Layer B: Dependent claims 3 and 4

  • Map the daily dose:
    • Check mg/day total in the claimed timeframe.
    • Confirm whether initiation/titration/regimen falls within:
    • 0.01–10.0 mg/day (claim 3)
    • 0.75–4.5 mg/day (claim 4)

Enforcement leverage points

  • If the candidate regimen is within 0.75–4.5 mg/day, claims 2 and 4 align tightly (stronger position for patentee).
  • If the regimen is only within 0.01–10.0 mg/day, claim 3 still covers the dose band (still a method-of-treatment claim).
  • Even if dosing ranges are avoided, claim 2’s “effective amount” can still capture the method.

What is the claim coverage “shape” for pramipexole/RLS?

This patent’s claims create a coverage band defined by:

  • Drug identity (and forms): pramipexole and specified salts/hydrate; plus chemical identity and (-)-enantiomer plus acceptable salts.
  • Therapeutic target: RLS.
  • Patient state: suffering or susceptible.
  • Dose band overlays: two numeric windows nested within claim 2.

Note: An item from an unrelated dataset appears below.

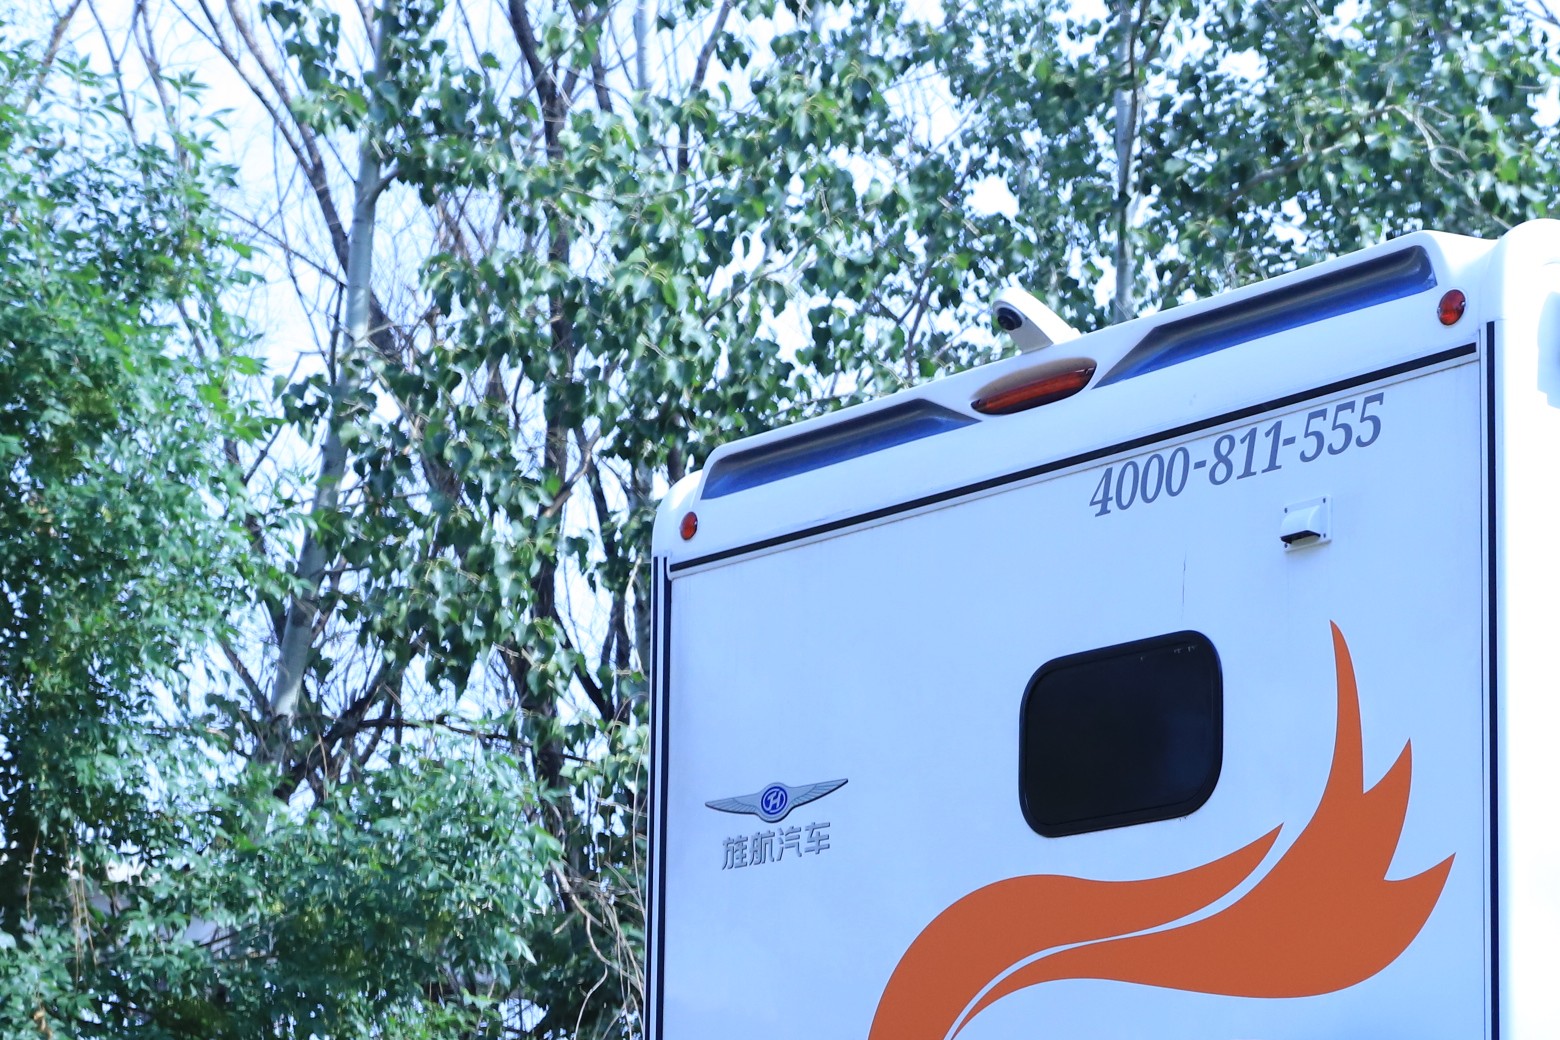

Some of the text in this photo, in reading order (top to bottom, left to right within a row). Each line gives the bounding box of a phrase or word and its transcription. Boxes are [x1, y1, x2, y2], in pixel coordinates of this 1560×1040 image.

[1089, 391, 1385, 518] 4000-811-555
[721, 821, 831, 871] 旌航汽车

That architecture means the key FTO determinant is not just whether a competitor uses pramipexole, but whether its RLS treatment regimen (including typical labeled or promotional dosing) lands inside the numeric bands or otherwise constitutes an “effective amount” administration of the covered drug forms.


Key Takeaways

  • US 6,001,861 is a method-of-treatment patent for restless legs syndrome using pramipexole and specified forms, with dependent claims adding daily dose ranges of 0.01–10.0 mg/day and 0.75–4.5 mg/day.
  • Claim 1 is chemically broad: it covers the named benzo-thiazole compound, its (-)-enantiomer, and pharmacologically acceptable salts, then ties treatment to RLS.
  • Claim 2 narrows to pramipexole and dihydrochloride and dihydrochloride-(H2O), and still uses “effective amount” without a numeric dose limit.
  • In landscape terms, method patents of this structure tend to remain an important blocking layer for generic or competitor pramipexole-based RLS regimens because “indication + effective amount + salt form + dose windows” collectively constrain dosing and labeling-based design-around strategies.

FAQs

  1. Does US 6,001,861 cover only pramipexole, or also related chemical forms?
    It covers the named compound identity (2-amino-6-n-propylamino-4,5,6,7-tetrahydrobenzothiazole), its (-)-enantiomer, and pharmacologically acceptable salts in claim 1, and explicitly covers pramipexole with dihydrochloride and dihydrochloride-(H2O) in claim 2.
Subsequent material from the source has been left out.